PROBLEM TO SOLVE.
A complete answer retypes each of the records below precisely and includes none of the pictures.
### RECORDS ###
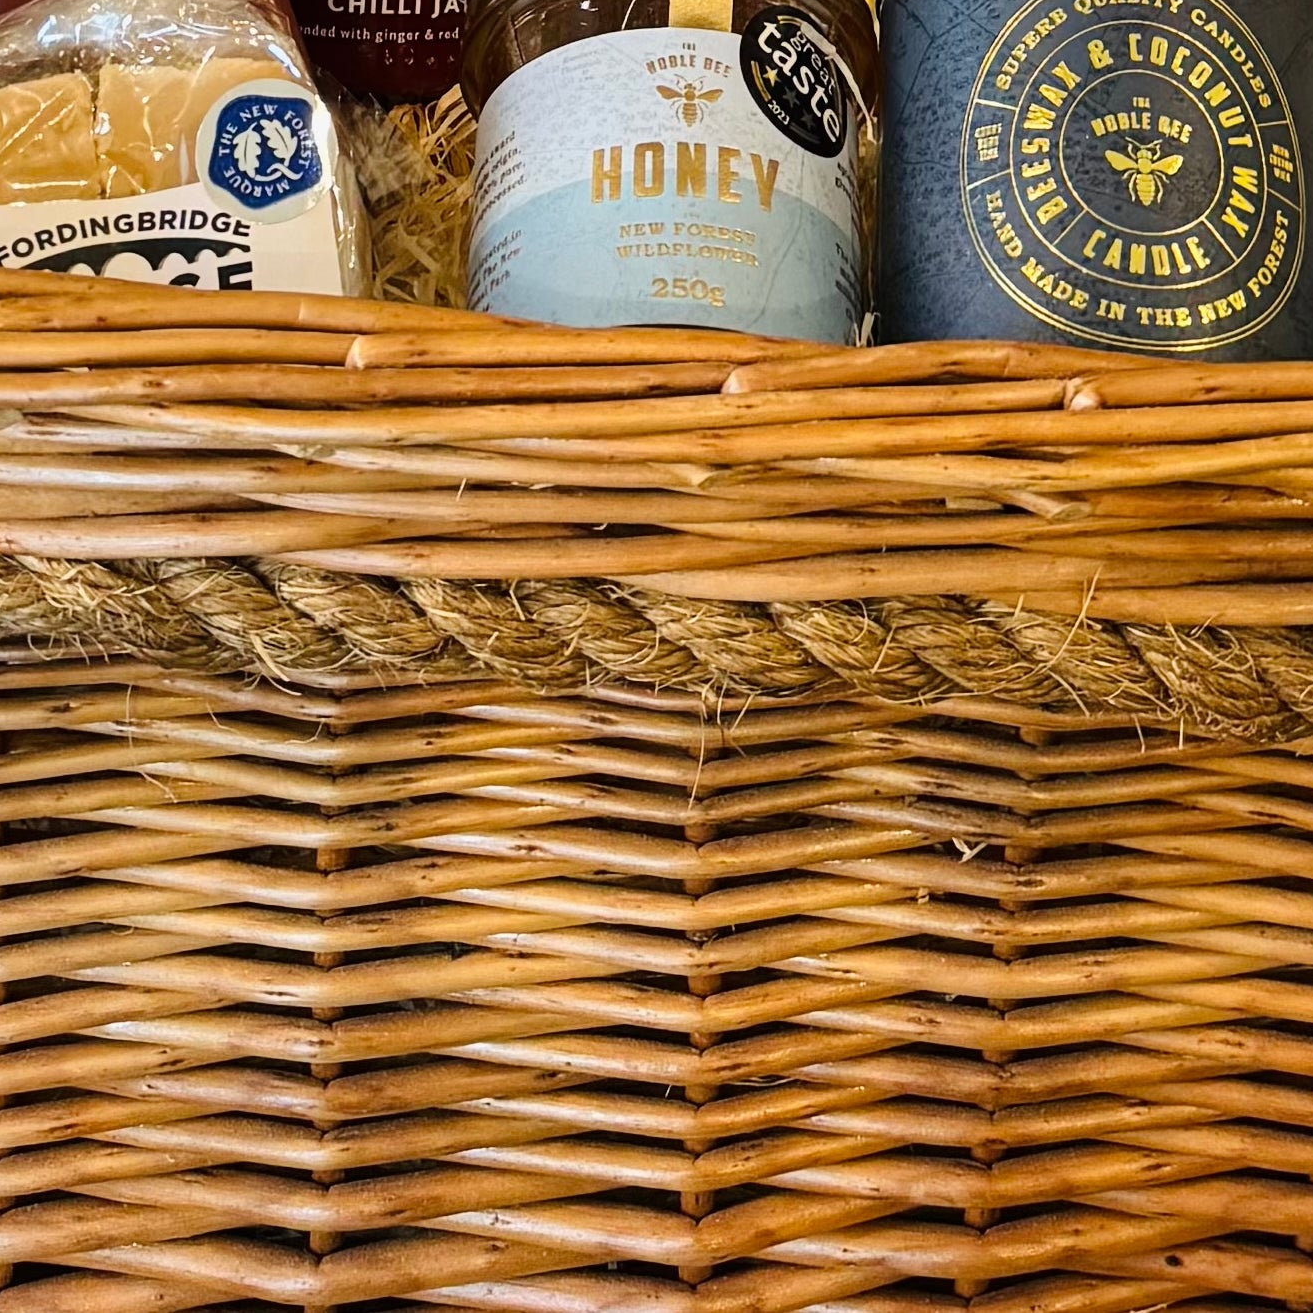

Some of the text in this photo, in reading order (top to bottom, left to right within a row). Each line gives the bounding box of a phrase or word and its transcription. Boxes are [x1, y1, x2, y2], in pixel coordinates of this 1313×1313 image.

[1190, 8, 1272, 110] CANDLES
[591, 141, 781, 213] HONEY
[1083, 229, 1211, 276] CANDLE
[651, 278, 726, 307] 250g
###
EXERCISE OUTPUT.
Some of the text in this photo, in reading order (top to bottom, left to right within a row). Each line gives the bounding box of a phrase or word and its transcription. Boxes are [x1, y1, x2, y2], in pixel coordinates of this 1313×1313 image.

[1190, 8, 1272, 110] CANDLES
[591, 141, 781, 213] HONEY
[1083, 229, 1211, 276] CANDLE
[651, 278, 726, 307] 250g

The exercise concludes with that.